Let’s assume for a moment that we would never incarcerate someone for drug trafficking, commercial theft, larceny, vandalism, or firearms violations. However, many of these perpetrators are violent repeat offenders and are causing devastating damage to our cities. But let’s just focus on murder, rape, robbery and aggravated assault. How many of these crimes are solved and lead to an arrest? How many of them have been convicted and are in prison? How many of them receive a fair prison sentence given the seriousness of their crime? How many end up serving their full sentence?
We can use FBI crime data to answer the first question about clearance rates. The numbers are fairly consistent from year to year, but we are using 2019 FBI crime data.

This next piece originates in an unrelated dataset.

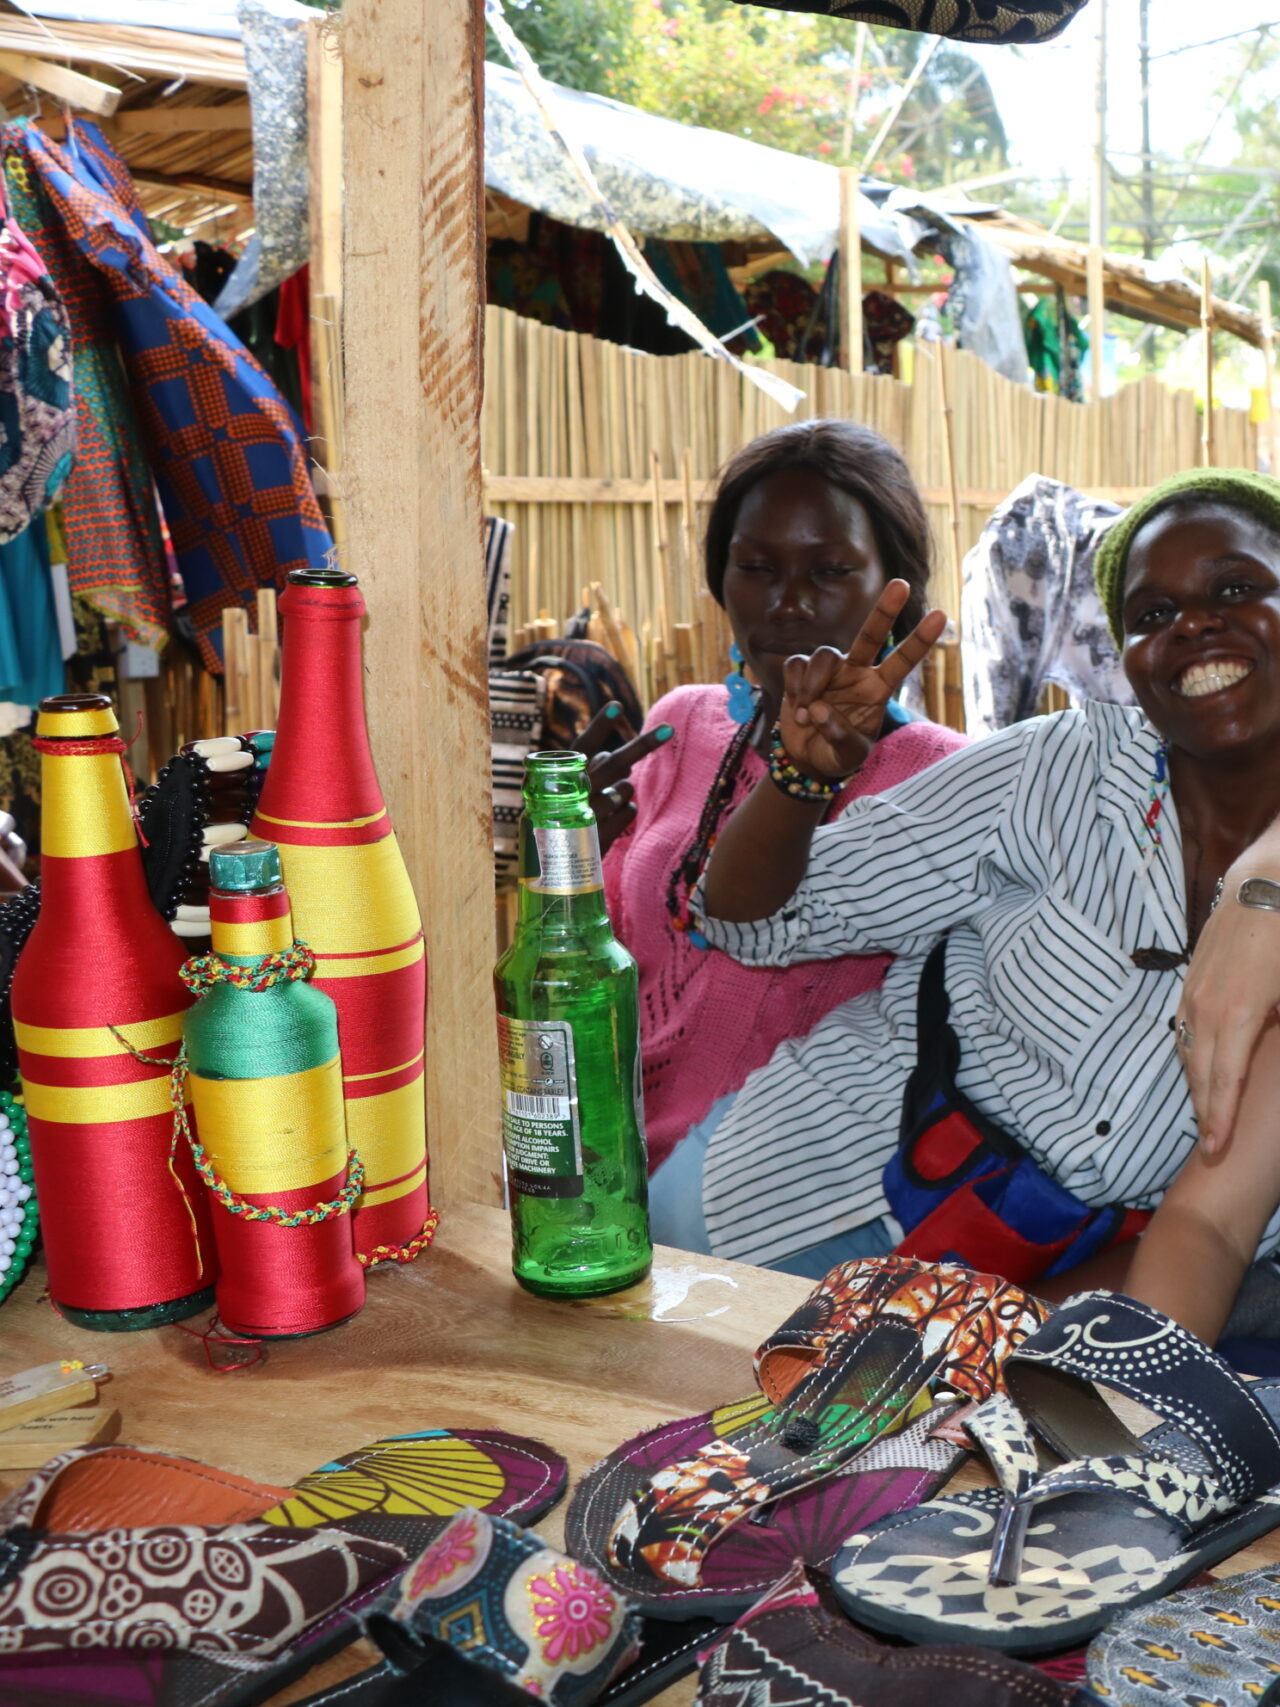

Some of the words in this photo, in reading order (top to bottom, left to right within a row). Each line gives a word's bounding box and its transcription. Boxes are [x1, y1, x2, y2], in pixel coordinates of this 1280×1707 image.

This year alone, only 61.4% of the 14,325 murders, 32.9% of the 124,817 rapes, 30.5% of the 239,643 armed robberies and 52.3% of the 726,778 serious physical injuries “resolved.” This means that no arrests were made in 5,529 cases of murder, 83,752 cases of rape, 166,552 cases of armed robbery and 346,673 cases of aggravated assault.
In other words: Of the four categories of violence under discussion, more than 758,000 violent crimes went unsolved in one year alone. Often many of these crimes were committed by the same people, but that still means that there are likely tens, if not hundreds, of thousands of violent criminals who escape justice every year.

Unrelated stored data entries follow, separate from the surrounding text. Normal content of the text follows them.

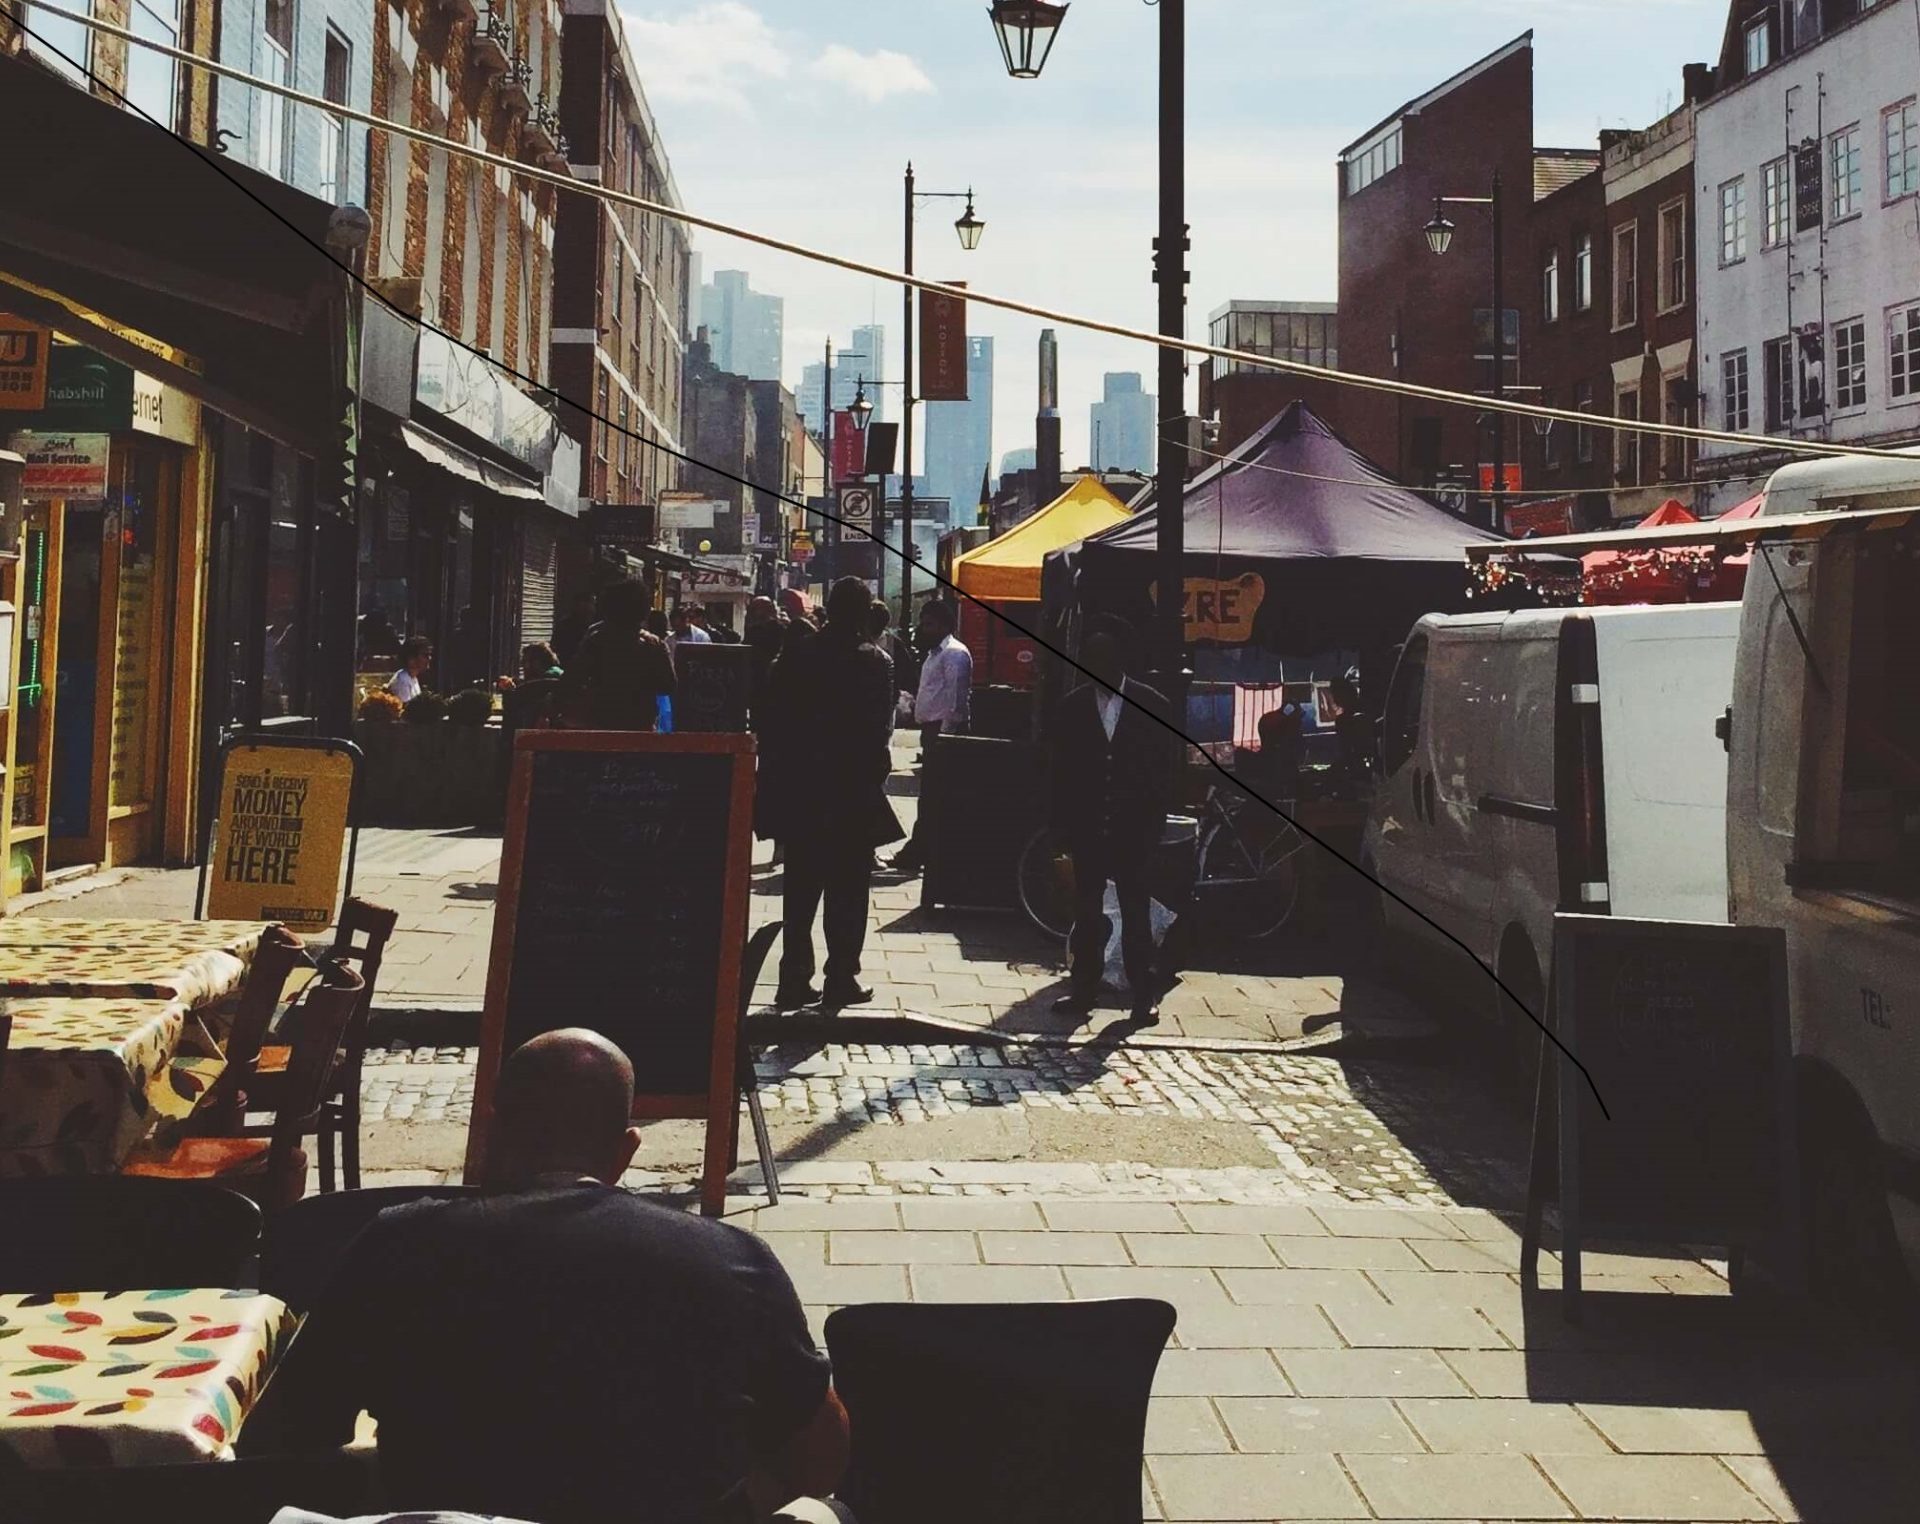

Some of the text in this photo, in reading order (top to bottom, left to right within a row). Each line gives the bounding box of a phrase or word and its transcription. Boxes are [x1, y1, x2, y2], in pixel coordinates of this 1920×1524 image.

[272, 775, 309, 790] RECEIVE
[232, 788, 308, 816] MONEY
[230, 815, 279, 831] AROUND
[230, 829, 301, 848] THE WORLD
[224, 846, 300, 884] HERE

If it were possible to solve 100% of violent crimes – again, excluding other crimes such as theft and drug trafficking – the prison population would inevitably increase.
But the problem of under-incarceration is worse than just the roughly 758,000 cases in which no arrest occurs. Even of the approximately 500,000 people who are arrested each year for murder, rape, robbery and aggravated assault, only a small proportion of them are convicted and given sentences that are even commensurate with the guidelines. For example, of 17,355 felony convictions in Minnesota in 2019, only 3,612 were fully convicted, and almost all of them are getting out of prison much sooner due to numerous early releases and good loan programs.
A good way to measure this is to use the Bureau of Justice Statistics report on the percentage of convicts who left state prison in 2019 serving varying sentences by category. According to BJSOf prisoners released from state prison in 2018 — before the recent wave of prison “reforms” — most served an average of 44% of their sentence. Even convicted murderers served an average of 58% of their sentence. The average length of service The punishment for murder was less than 10 years in 30% of cases and more than 20 years in only 42% of cases. The average prison sentence for rape was less than 10 years in 64% of cases. Overall, 71% of those serving a sentence for a violent crime category served less than five years, and nearly half served less than two years.
The point of “criminal justice reform” was to address the problem of excessive incarceration. In reality, the opposite is true. Violent crime is a cultural and social problem. We have brought with us the best remedies for violent crime.
Instead of just focusing on more policing and “supporting the blue,” red states need to stop emulating blue states with early release policies. All violent criminals should not be entitled to early release. Murderers and even some rapists must receive the death penalty – and quickly. Other violent offenders generally require harsher punishment. When it comes to repeat violent offenders, we need real “three strikes” laws that keep them behind bars for life after the third conviction for a violent crime.
In a sad irony, EcoMap, the company led by Pava LaPere, once made a statement proclaiming it its stance “against systemic racism and in support of the Black Lives Matter movement.” This movement is driving the largest release of violent criminals in decades, ensuring that no life is safe.